In that case, a truck driver stopped in the middle of nowhere on a freezing cold night when his vehicle ran out of gas. His trucking company instructed him to stay with the truck despite the fact that the truck had no heat. After several hours and feeling the onset of hypothermia, he left rather than freeze to death. His employer fired him, and he sued. But Gorsuch held that the driver should have stayed with the truck no matter what, as the blog Above the Law recounted.
He and Gorsuch will be BFFs, given than Gorsuch believes that bc an employee didn’t die in a snowstorm his employer should be able to fire him.
— GeorgiaBlue JC (@JanUnhinged) July 10, 2018
It's not like Brett Kavanaugh is another Gorsuch or anything. Sure, they both are far-right white male judges in their 50s who went to Georgetown Prep and were nominated under sketchy circumstances, but that's where the similarities stop!

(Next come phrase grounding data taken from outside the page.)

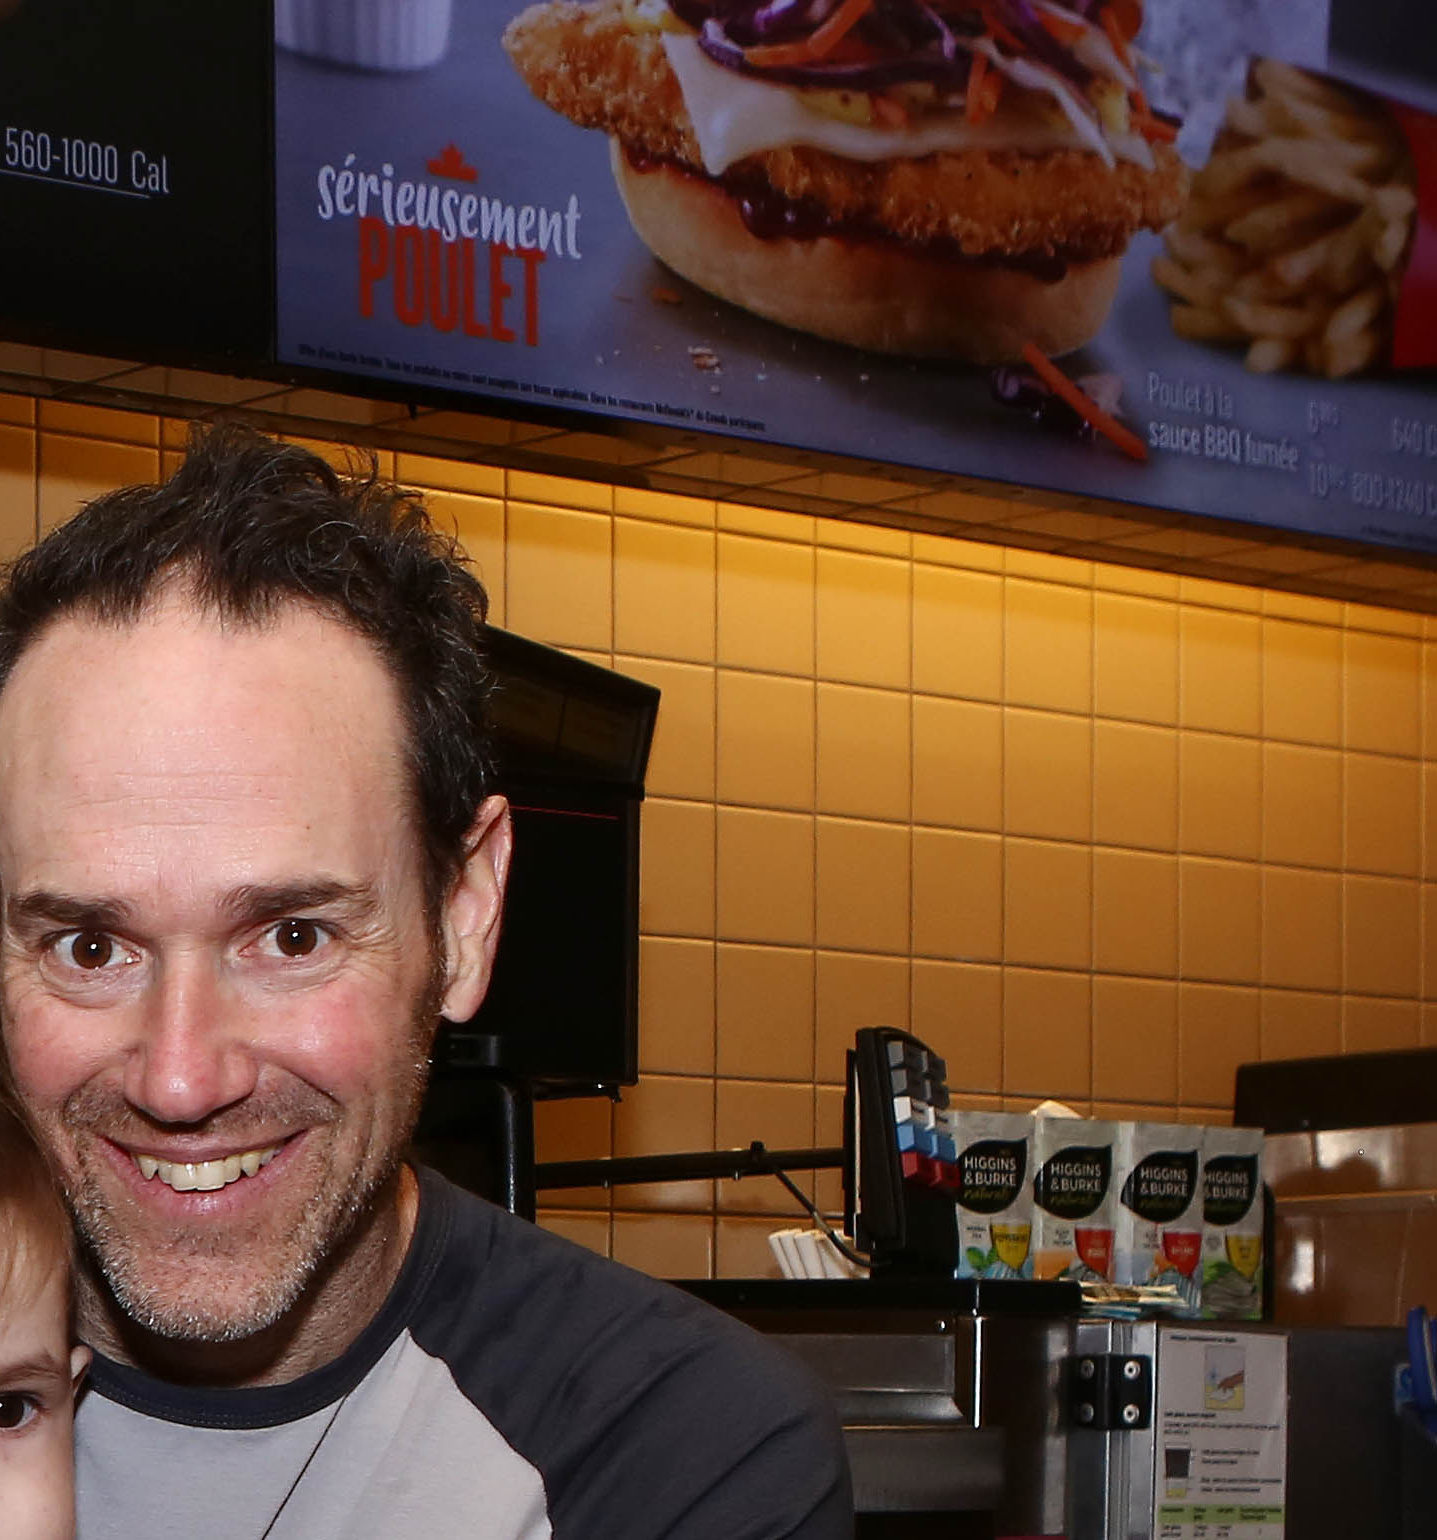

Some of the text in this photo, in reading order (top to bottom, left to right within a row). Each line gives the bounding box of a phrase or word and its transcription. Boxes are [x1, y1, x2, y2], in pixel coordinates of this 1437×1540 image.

[6, 127, 118, 183] 560-1000
[132, 151, 169, 193] Cal
[317, 154, 582, 260] sérieusement
[358, 217, 547, 348] POULET
[1149, 372, 1201, 415] Poulet
[1149, 423, 1299, 472] sauce BBQ fumée
[964, 1156, 1016, 1171] HIGGINS
[1050, 1163, 1102, 1176] HIGGINS
[964, 1171, 1016, 1186] & BURKE
[1140, 1167, 1188, 1181] HIGGINS
[1050, 1178, 1101, 1192] & BURKE
[1150, 1182, 1188, 1197] BURKE
[1213, 1186, 1247, 1198] BURKE

— Adam Best (@adamcbest) July 10, 2018
What was Kavanaugh trying to do, one-up Gorsuch's frozen trucker case? Are we looking at an "I can be crueler than you can" SCOTUS? https://t.co/tvl5m0Q2AI
— Trying out Mastodon and liking what I see so far. (@SpicejarDebbie) July 10, 2018
Kavanaugh is likely to prove a controversial pick for a number of reasons, including as the Inquisitr reported, he once used a sexist profanity to describe Hillary Clinton, and collected gruesome files on the suicide of her friend, Vince Foster.